__Task to carry out__. Print every line below without adding or leaving out a single word.
*** Dataset excerpts ***
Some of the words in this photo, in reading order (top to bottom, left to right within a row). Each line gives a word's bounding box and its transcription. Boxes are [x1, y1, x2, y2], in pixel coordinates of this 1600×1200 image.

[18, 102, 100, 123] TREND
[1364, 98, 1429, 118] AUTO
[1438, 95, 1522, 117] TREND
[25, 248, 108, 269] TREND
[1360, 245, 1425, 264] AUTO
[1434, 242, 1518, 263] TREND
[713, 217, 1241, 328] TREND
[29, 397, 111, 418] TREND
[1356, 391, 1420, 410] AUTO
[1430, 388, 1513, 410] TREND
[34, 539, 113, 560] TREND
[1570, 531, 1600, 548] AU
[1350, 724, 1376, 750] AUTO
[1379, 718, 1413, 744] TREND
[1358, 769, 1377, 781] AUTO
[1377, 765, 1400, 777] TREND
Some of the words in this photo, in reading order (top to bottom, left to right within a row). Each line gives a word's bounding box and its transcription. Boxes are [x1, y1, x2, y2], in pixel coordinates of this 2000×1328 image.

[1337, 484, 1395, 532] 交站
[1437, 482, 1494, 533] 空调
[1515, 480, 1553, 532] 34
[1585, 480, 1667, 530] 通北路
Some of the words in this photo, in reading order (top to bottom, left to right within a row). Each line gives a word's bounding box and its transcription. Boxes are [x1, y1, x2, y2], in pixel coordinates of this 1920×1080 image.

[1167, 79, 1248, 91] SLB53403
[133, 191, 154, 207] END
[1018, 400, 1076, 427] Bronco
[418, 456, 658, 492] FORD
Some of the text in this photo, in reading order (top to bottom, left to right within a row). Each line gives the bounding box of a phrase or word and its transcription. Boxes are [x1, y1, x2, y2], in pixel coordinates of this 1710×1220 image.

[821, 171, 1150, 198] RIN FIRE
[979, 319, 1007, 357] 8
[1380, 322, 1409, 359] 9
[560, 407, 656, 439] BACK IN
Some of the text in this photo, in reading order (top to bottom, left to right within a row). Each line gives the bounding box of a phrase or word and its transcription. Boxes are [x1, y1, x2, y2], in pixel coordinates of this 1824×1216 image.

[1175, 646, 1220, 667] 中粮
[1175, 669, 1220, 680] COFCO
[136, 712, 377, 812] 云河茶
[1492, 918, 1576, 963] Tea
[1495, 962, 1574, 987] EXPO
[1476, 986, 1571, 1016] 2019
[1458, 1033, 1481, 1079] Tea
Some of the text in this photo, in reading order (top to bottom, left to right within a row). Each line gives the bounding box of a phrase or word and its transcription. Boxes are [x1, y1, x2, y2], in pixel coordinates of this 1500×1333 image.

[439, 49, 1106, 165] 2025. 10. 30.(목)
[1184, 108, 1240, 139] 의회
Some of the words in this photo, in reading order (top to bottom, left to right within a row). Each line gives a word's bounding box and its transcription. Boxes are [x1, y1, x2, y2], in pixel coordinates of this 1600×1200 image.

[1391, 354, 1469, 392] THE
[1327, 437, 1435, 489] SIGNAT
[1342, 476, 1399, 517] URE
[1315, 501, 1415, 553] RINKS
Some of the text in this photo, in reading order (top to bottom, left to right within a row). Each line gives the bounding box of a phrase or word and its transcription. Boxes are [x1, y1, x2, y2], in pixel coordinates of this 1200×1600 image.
*** End of Dataset excerpts ***
__Problem solution__.
Some of the words in this photo, in reading order (top to bottom, left to right within a row). Each line gives a word's bounding box and its transcription. Boxes are [x1, y1, x2, y2], in pixel coordinates of this 1600×1200 image.

[18, 102, 100, 123] TREND
[1364, 98, 1429, 118] AUTO
[1438, 95, 1522, 117] TREND
[25, 248, 108, 269] TREND
[1360, 245, 1425, 264] AUTO
[1434, 242, 1518, 263] TREND
[713, 217, 1241, 328] TREND
[29, 397, 111, 418] TREND
[1356, 391, 1420, 410] AUTO
[1430, 388, 1513, 410] TREND
[34, 539, 113, 560] TREND
[1570, 531, 1600, 548] AU
[1350, 724, 1376, 750] AUTO
[1379, 718, 1413, 744] TREND
[1358, 769, 1377, 781] AUTO
[1377, 765, 1400, 777] TREND
Some of the words in this photo, in reading order (top to bottom, left to right within a row). Each line gives a word's bounding box and its transcription. Boxes are [x1, y1, x2, y2], in pixel coordinates of this 2000×1328 image.

[1337, 484, 1395, 532] 交站
[1437, 482, 1494, 533] 空调
[1515, 480, 1553, 532] 34
[1585, 480, 1667, 530] 通北路
Some of the words in this photo, in reading order (top to bottom, left to right within a row). Each line gives a word's bounding box and its transcription. Boxes are [x1, y1, x2, y2], in pixel coordinates of this 1920×1080 image.

[1167, 79, 1248, 91] SLB53403
[133, 191, 154, 207] END
[1018, 400, 1076, 427] Bronco
[418, 456, 658, 492] FORD
Some of the text in this photo, in reading order (top to bottom, left to right within a row). Each line gives the bounding box of a phrase or word and its transcription. Boxes are [x1, y1, x2, y2], in pixel coordinates of this 1710×1220 image.

[821, 171, 1150, 198] RIN FIRE
[979, 319, 1007, 357] 8
[1380, 322, 1409, 359] 9
[560, 407, 656, 439] BACK IN
Some of the text in this photo, in reading order (top to bottom, left to right within a row). Each line gives the bounding box of a phrase or word and its transcription. Boxes are [x1, y1, x2, y2], in pixel coordinates of this 1824×1216 image.

[1175, 646, 1220, 667] 中粮
[1175, 669, 1220, 680] COFCO
[136, 712, 377, 812] 云河茶
[1492, 918, 1576, 963] Tea
[1495, 962, 1574, 987] EXPO
[1476, 986, 1571, 1016] 2019
[1458, 1033, 1481, 1079] Tea
Some of the text in this photo, in reading order (top to bottom, left to right within a row). Each line gives the bounding box of a phrase or word and its transcription. Boxes are [x1, y1, x2, y2], in pixel coordinates of this 1500×1333 image.

[439, 49, 1106, 165] 2025. 10. 30.(목)
[1184, 108, 1240, 139] 의회
Some of the words in this photo, in reading order (top to bottom, left to right within a row). Each line gives a word's bounding box and its transcription. Boxes are [x1, y1, x2, y2], in pixel coordinates of this 1600×1200 image.

[1391, 354, 1469, 392] THE
[1327, 437, 1435, 489] SIGNAT
[1342, 476, 1399, 517] URE
[1315, 501, 1415, 553] RINKS
Some of the text in this photo, in reading order (top to bottom, left to right within a row). Each line gives the bounding box of a phrase or word and its transcription. Boxes are [x1, y1, x2, y2], in pixel coordinates of this 1200×1600 image.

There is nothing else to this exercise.